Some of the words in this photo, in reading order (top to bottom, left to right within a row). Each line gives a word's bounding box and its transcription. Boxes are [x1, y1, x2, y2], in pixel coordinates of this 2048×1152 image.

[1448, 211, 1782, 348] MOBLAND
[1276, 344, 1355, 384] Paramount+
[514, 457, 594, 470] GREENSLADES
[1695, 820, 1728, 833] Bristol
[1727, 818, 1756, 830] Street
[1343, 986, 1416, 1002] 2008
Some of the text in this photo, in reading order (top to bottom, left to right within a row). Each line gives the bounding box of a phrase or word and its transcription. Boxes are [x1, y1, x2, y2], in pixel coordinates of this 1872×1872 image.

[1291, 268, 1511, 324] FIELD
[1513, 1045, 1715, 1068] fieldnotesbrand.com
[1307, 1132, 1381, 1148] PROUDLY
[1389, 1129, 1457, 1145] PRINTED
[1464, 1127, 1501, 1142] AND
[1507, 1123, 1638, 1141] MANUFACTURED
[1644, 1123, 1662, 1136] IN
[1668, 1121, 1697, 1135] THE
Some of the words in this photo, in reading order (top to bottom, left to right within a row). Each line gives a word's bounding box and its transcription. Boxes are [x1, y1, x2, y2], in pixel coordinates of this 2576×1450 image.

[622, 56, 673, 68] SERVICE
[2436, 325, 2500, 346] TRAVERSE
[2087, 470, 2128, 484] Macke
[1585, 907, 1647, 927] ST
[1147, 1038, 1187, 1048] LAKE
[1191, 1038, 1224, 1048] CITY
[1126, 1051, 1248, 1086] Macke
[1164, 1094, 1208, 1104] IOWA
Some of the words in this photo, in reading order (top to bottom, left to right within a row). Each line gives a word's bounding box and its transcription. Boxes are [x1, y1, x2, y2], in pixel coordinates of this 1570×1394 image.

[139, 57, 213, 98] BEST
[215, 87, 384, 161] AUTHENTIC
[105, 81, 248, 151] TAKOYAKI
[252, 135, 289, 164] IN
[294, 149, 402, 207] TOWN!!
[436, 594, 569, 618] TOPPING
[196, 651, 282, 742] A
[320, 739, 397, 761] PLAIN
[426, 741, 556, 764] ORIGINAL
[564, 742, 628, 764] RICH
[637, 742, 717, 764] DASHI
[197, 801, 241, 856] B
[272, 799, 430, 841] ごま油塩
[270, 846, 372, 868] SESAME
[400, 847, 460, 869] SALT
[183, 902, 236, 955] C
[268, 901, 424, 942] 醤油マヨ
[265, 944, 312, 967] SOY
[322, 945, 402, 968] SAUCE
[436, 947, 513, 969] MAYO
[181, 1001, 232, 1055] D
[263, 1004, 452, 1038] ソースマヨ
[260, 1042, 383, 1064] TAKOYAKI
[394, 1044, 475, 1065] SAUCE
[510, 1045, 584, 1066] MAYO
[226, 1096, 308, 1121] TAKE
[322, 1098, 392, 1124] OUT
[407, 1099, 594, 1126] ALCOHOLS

----------

*Exercise brief*: Give a word-for-word restatement of every record.

*Completed task*:
Some of the words in this photo, in reading order (top to bottom, left to right within a row). Each line gives a word's bounding box and its transcription. Boxes are [x1, y1, x2, y2], in pixel coordinates of this 2048×1152 image.

[1448, 211, 1782, 348] MOBLAND
[1276, 344, 1355, 384] Paramount+
[514, 457, 594, 470] GREENSLADES
[1695, 820, 1728, 833] Bristol
[1727, 818, 1756, 830] Street
[1343, 986, 1416, 1002] 2008
Some of the text in this photo, in reading order (top to bottom, left to right within a row). Each line gives the bounding box of a phrase or word and its transcription. Boxes are [x1, y1, x2, y2], in pixel coordinates of this 1872×1872 image.

[1291, 268, 1511, 324] FIELD
[1513, 1045, 1715, 1068] fieldnotesbrand.com
[1307, 1132, 1381, 1148] PROUDLY
[1389, 1129, 1457, 1145] PRINTED
[1464, 1127, 1501, 1142] AND
[1507, 1123, 1638, 1141] MANUFACTURED
[1644, 1123, 1662, 1136] IN
[1668, 1121, 1697, 1135] THE
Some of the words in this photo, in reading order (top to bottom, left to right within a row). Each line gives a word's bounding box and its transcription. Boxes are [x1, y1, x2, y2], in pixel coordinates of this 2576×1450 image.

[622, 56, 673, 68] SERVICE
[2436, 325, 2500, 346] TRAVERSE
[2087, 470, 2128, 484] Macke
[1585, 907, 1647, 927] ST
[1147, 1038, 1187, 1048] LAKE
[1191, 1038, 1224, 1048] CITY
[1126, 1051, 1248, 1086] Macke
[1164, 1094, 1208, 1104] IOWA
Some of the words in this photo, in reading order (top to bottom, left to right within a row). Each line gives a word's bounding box and its transcription. Boxes are [x1, y1, x2, y2], in pixel coordinates of this 1570×1394 image.

[139, 57, 213, 98] BEST
[215, 87, 384, 161] AUTHENTIC
[105, 81, 248, 151] TAKOYAKI
[252, 135, 289, 164] IN
[294, 149, 402, 207] TOWN!!
[436, 594, 569, 618] TOPPING
[196, 651, 282, 742] A
[320, 739, 397, 761] PLAIN
[426, 741, 556, 764] ORIGINAL
[564, 742, 628, 764] RICH
[637, 742, 717, 764] DASHI
[197, 801, 241, 856] B
[272, 799, 430, 841] ごま油塩
[270, 846, 372, 868] SESAME
[400, 847, 460, 869] SALT
[183, 902, 236, 955] C
[268, 901, 424, 942] 醤油マヨ
[265, 944, 312, 967] SOY
[322, 945, 402, 968] SAUCE
[436, 947, 513, 969] MAYO
[181, 1001, 232, 1055] D
[263, 1004, 452, 1038] ソースマヨ
[260, 1042, 383, 1064] TAKOYAKI
[394, 1044, 475, 1065] SAUCE
[510, 1045, 584, 1066] MAYO
[226, 1096, 308, 1121] TAKE
[322, 1098, 392, 1124] OUT
[407, 1099, 594, 1126] ALCOHOLS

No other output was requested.